Top of Data for the task

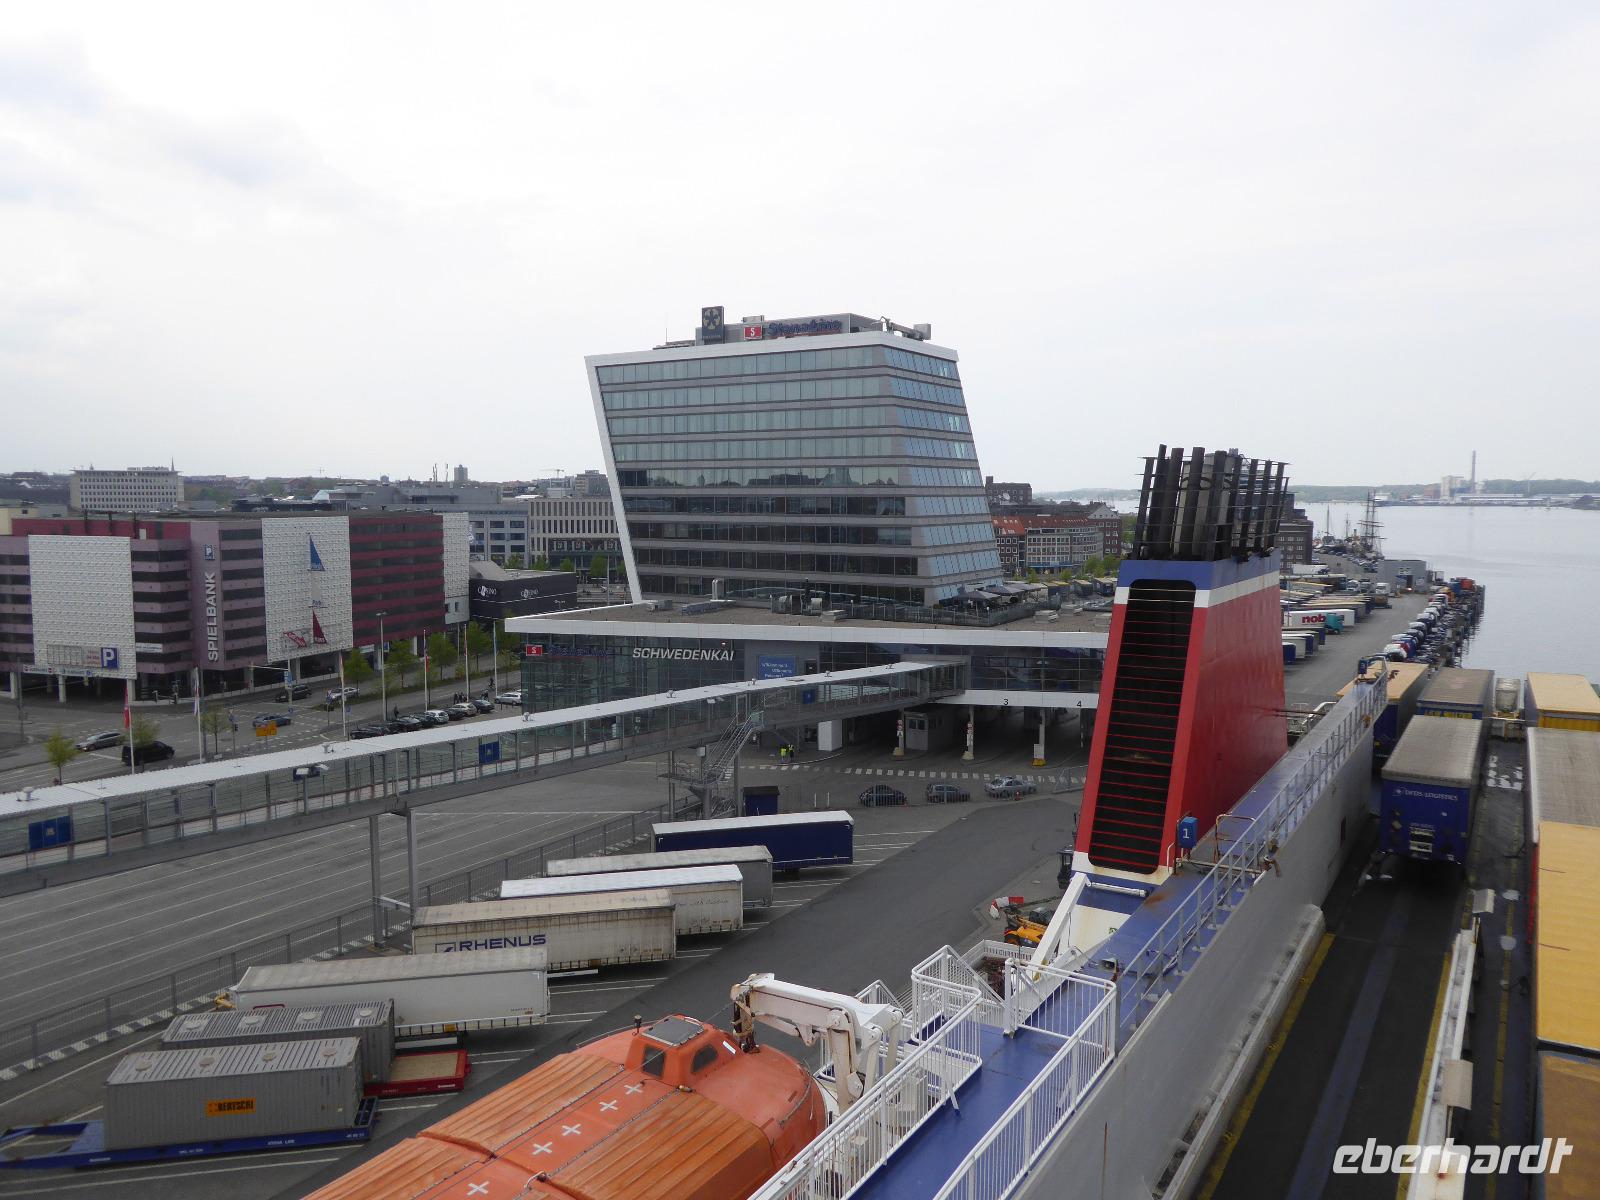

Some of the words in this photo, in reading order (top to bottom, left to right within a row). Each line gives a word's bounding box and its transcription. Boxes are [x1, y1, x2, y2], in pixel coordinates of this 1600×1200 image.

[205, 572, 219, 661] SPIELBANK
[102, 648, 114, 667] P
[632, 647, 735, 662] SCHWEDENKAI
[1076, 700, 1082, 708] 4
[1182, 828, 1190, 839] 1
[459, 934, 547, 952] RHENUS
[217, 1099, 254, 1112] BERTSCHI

Bottom of Data for the task

* What is required
All of the entries above need to be transcribed exactly, except for the pictures.

* Solution to this exercise
Some of the words in this photo, in reading order (top to bottom, left to right within a row). Each line gives a word's bounding box and its transcription. Boxes are [x1, y1, x2, y2], in pixel coordinates of this 1600×1200 image.

[205, 572, 219, 661] SPIELBANK
[102, 648, 114, 667] P
[632, 647, 735, 662] SCHWEDENKAI
[1076, 700, 1082, 708] 4
[1182, 828, 1190, 839] 1
[459, 934, 547, 952] RHENUS
[217, 1099, 254, 1112] BERTSCHI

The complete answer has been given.